Frequently Asked Questions
What does AMETEK do and what are its two segments?
AMETEK is a diversified global maker of electronic instruments and electromechanical devices. It reports in two segments: the Electronic Instruments Group (EIG), which makes analytical, test and measurement, monitoring and process instruments; and the Electromechanical Group (EMG), which makes precision motion control products, engineered materials, thermal management and automation solutions. It sells into aerospace, defense, medical, semiconductor, power, process and other niche industrial markets.
How does AMETEK make money?
AMETEK earns revenue by selling differentiated, often mission-critical products that carry high engineering content and pricing power, plus a growing base of higher-margin recurring aftermarket service, parts and calibration. It also grows by acquiring niche manufacturers and improving their margins and cash flow through its operating disciplines.

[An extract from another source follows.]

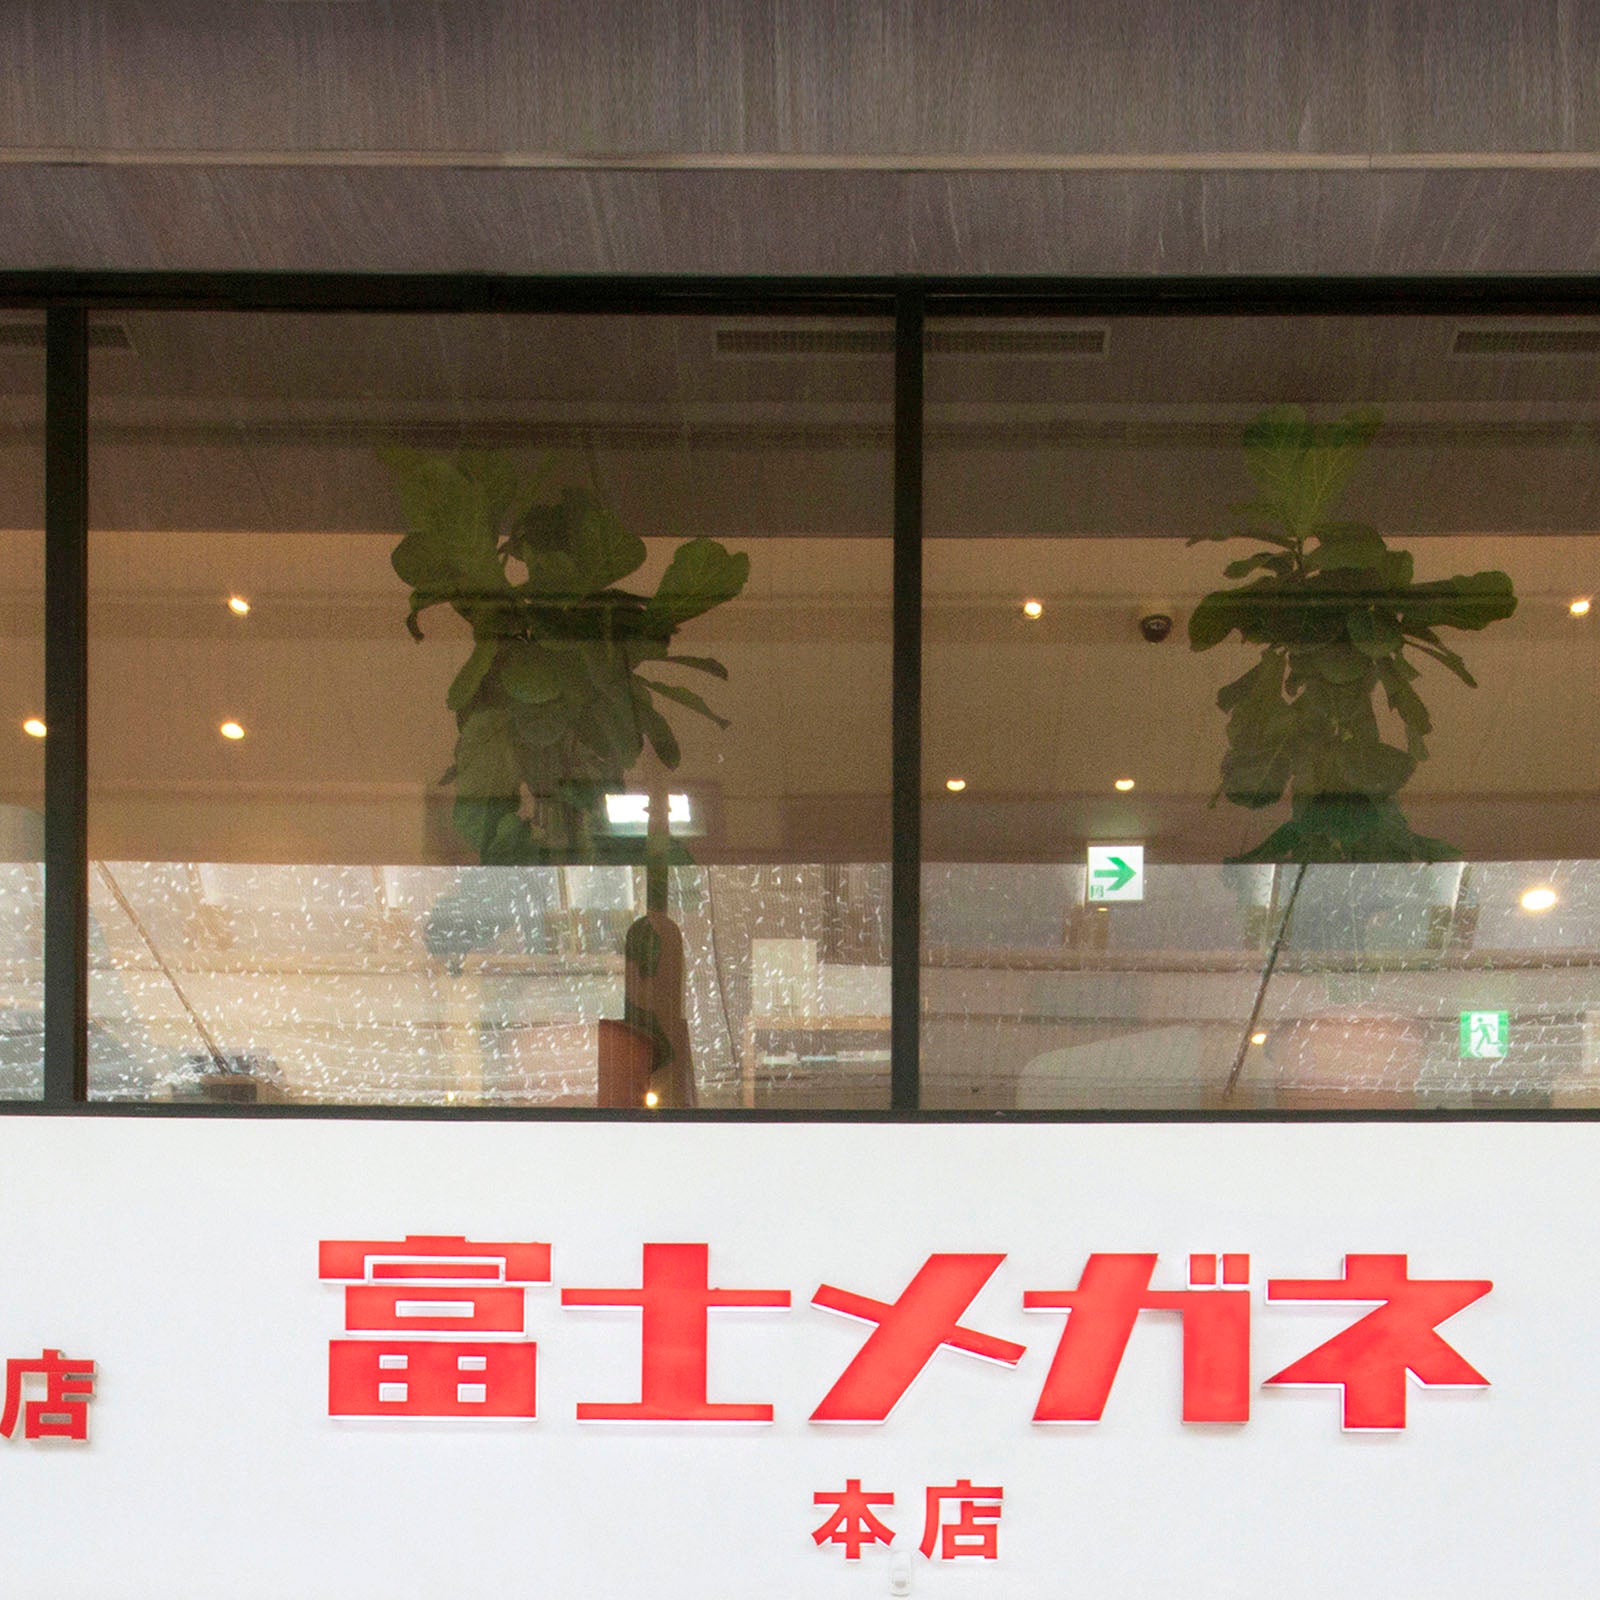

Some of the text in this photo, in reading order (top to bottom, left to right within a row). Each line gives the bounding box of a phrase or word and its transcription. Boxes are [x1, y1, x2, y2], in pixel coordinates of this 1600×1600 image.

[318, 1234, 1494, 1432] 富士メガネ
[812, 1480, 1003, 1561] 本店

Why does AMETEK make so many acquisitions, and where do I see them in filings?
Acquisitions are central to AMETEK's growth model: it buys smaller niche businesses, applies operational improvements, and expands their margins. You can track deals in 8-K announcements and in the 10-K, including purchase prices, what was acquired, and the goodwill and intangible assets recorded. The MD&A also separates how much sales growth came from acquisitions versus organic growth.
What should I watch most closely in AMETEK's 10-Q and 10-K?
Focus on segment revenue and operating margins for EIG and EMG, the bridge that splits sales growth into organic, acquisition and currency components, orders and backlog as a demand signal, free cash flow and how it is allocated among M&A, dividends and buybacks, and debt levels and goodwill following acquisitions.